- Minbaşılı
- Coordinates: 39°20′33″N 47°01′43″E﻿ / ﻿39.34250°N 47.02861°E
- Country: Azerbaijan
- Rayon: Jabrayil
- Time zone: UTC+4 (AZT)
- • Summer (DST): UTC+5 (AZT)

= Minbaşılı =

Minbashyly (Minbaşılı) is a village in the Jabrayil district of Azerbaijan, located on Araz plain, 6 km south of the city of Jabrayil, on the right bank of Chaylag River (the left tributary of the Araz).

== Toponym ==
The village bears the name of Minbashyly generation who lived in the village.

== History ==
In the 19th century, the village consisted of several oimaks (camps) in the area of Kohnakishlak. Later the population settled in this area, known as Parayatag. Two generations lived in the village: the Minbashyly and the Jafaralilar.

During the Soviet years, the village was part of the village council of the same name in Jabrayil district of Azerbaijan SSR. The village had a secondary school, a library, a community centre and a medical centre. The village was captured by Armenian forces in the First Karabakh War.

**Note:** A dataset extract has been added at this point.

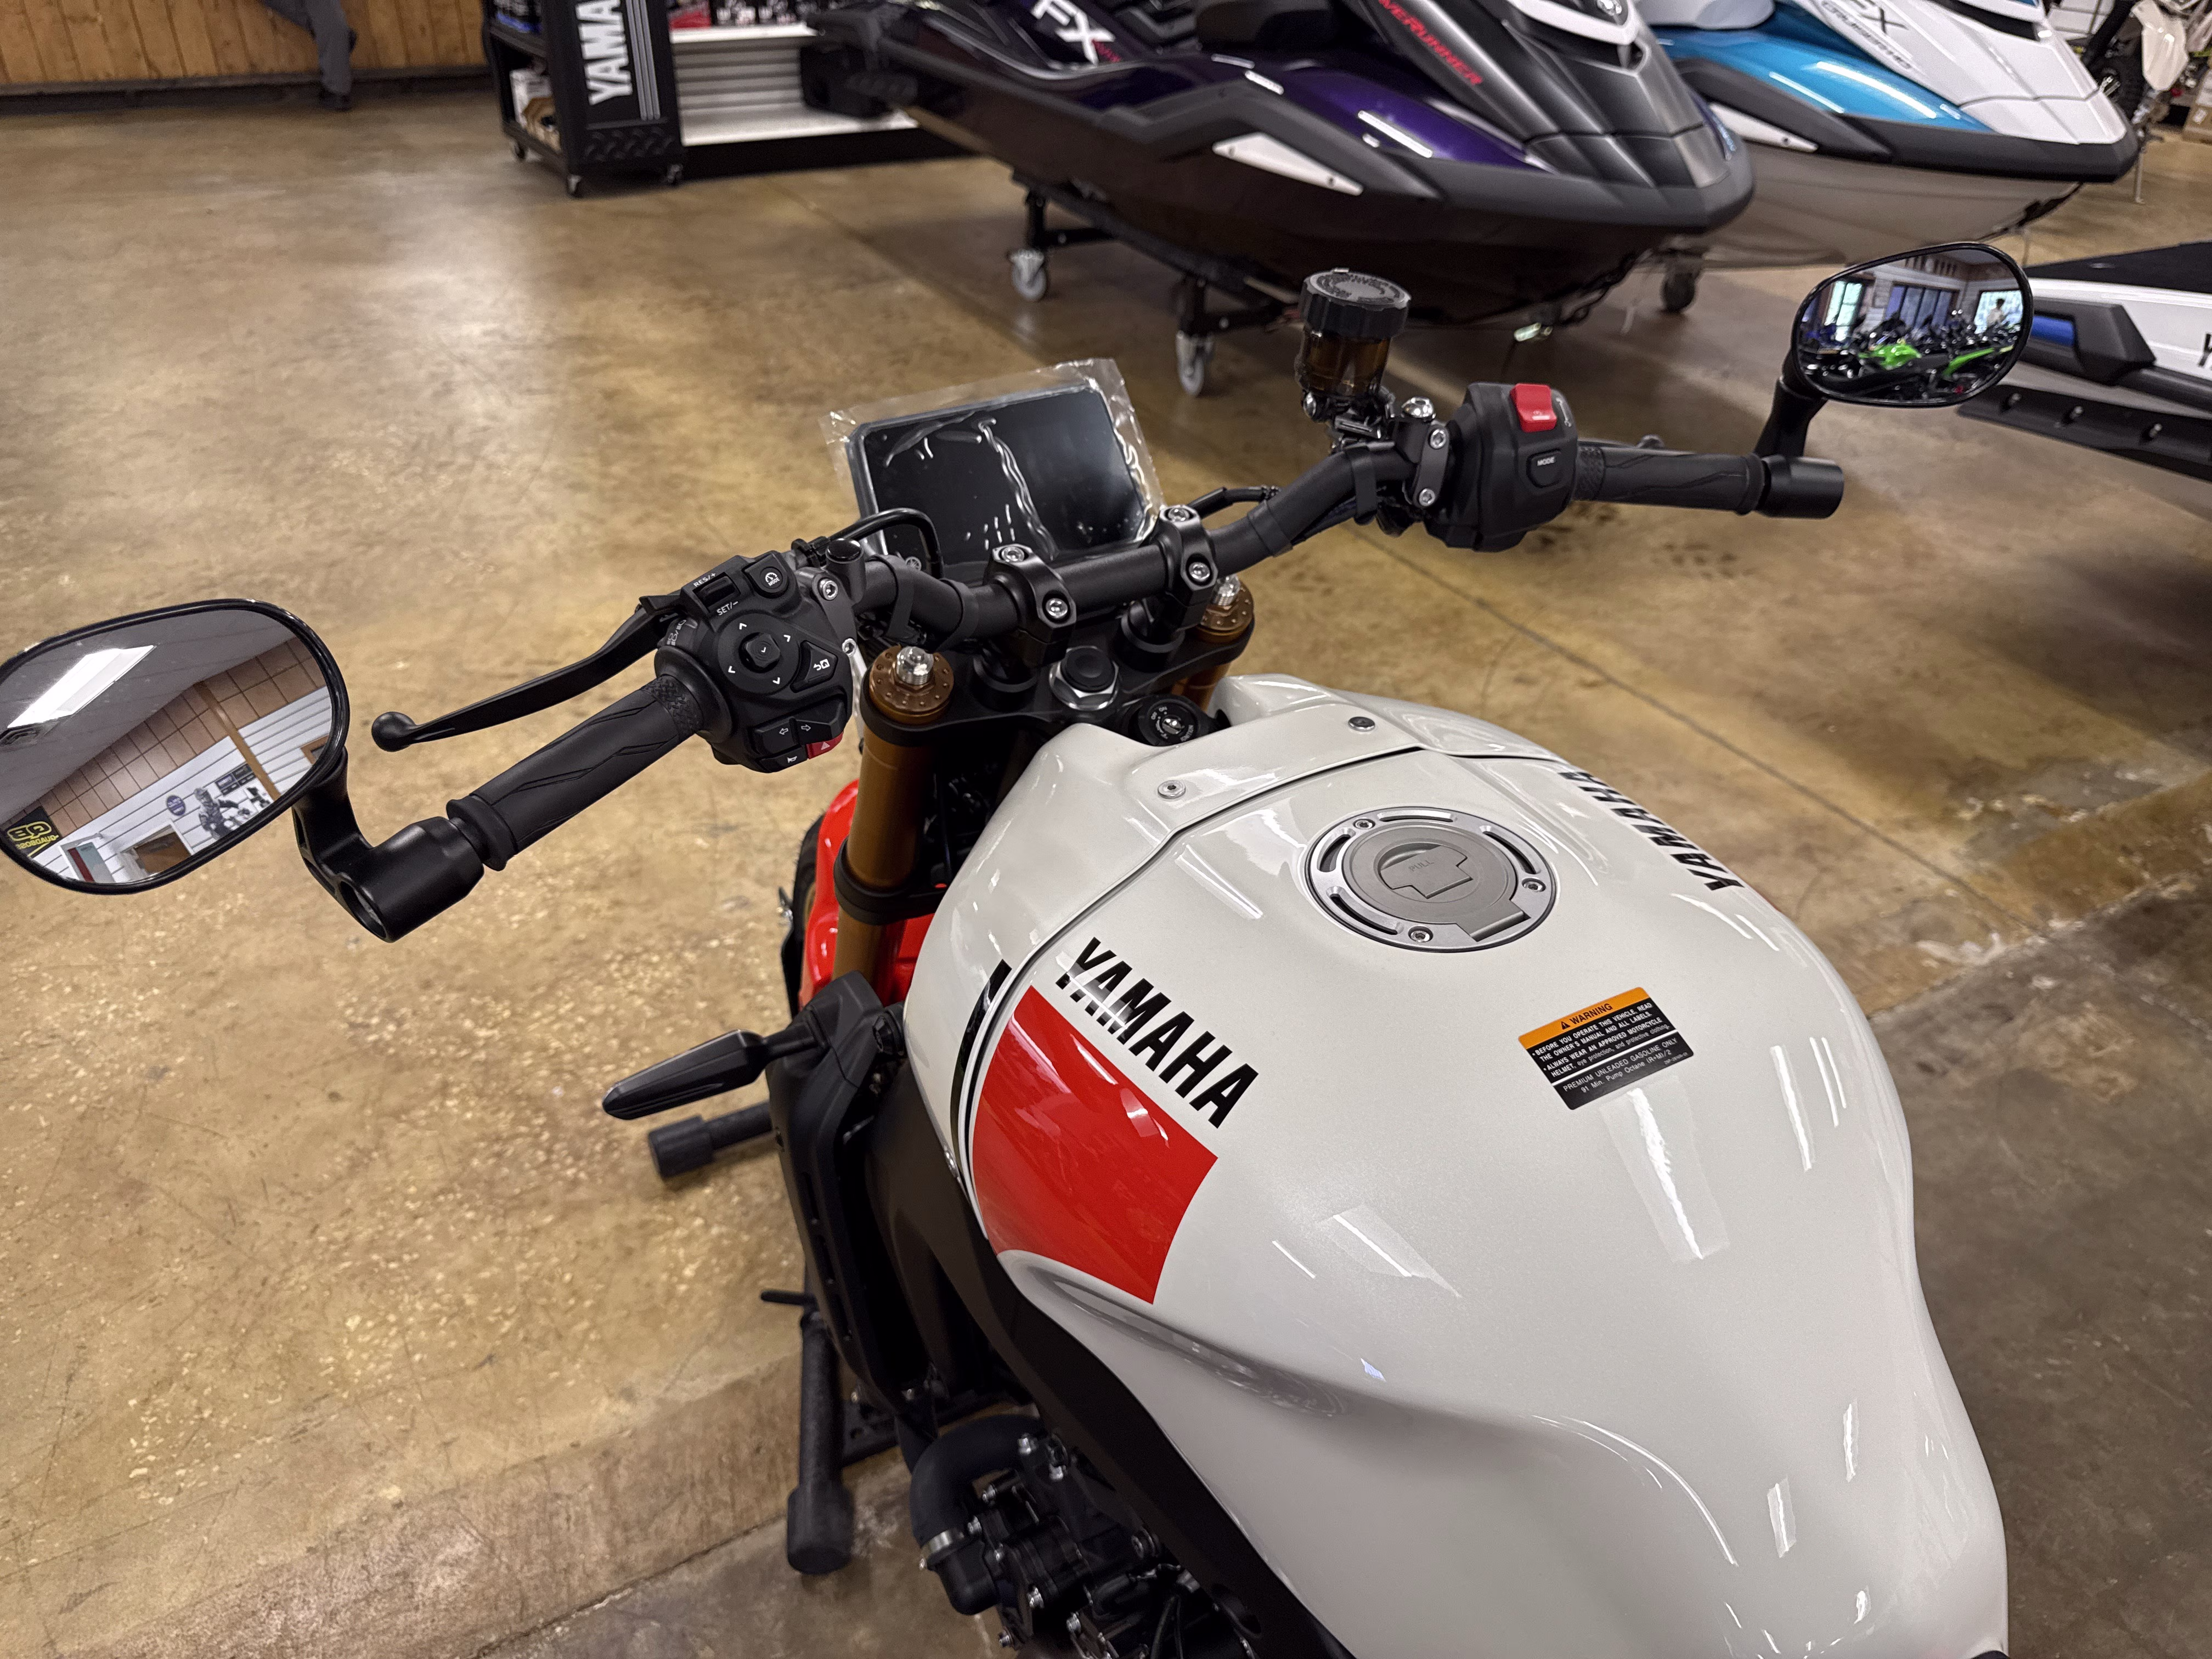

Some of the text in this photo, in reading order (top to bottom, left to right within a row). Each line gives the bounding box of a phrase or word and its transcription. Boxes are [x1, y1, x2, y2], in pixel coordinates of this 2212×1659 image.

On 23 October 2020, the President Ilham Aliyev announced that Azerbaijani Army liberated the village of Minbashyly. On the same day, Azerbaijani Ministry of Defence published a video footage that allegedly showed the village of Minbashyly under the Azerbaijani control. The footages shows that all buildings in the village are destroyed during Armenian occupation.

== Population ==
According to the publication “Administrative Division of the ASSR”, prepared in 1933 by the Department of National Economic Accounting of the Azerbaijan SSR (AzNEA), as of 1 January 1933, in Minbashyly village which was part of Dash Veysalli village council of Jabrayil district of Azerbaijan SSR, there were 45 farms and 237 inhabitants. The entire population of the village council were Azerbaijanis (in the source listed as “Turks”).

In 1981, 235 people lived in the village. The village population was engaged in livestock farming, wheat cultivation, viticulture and sericulture.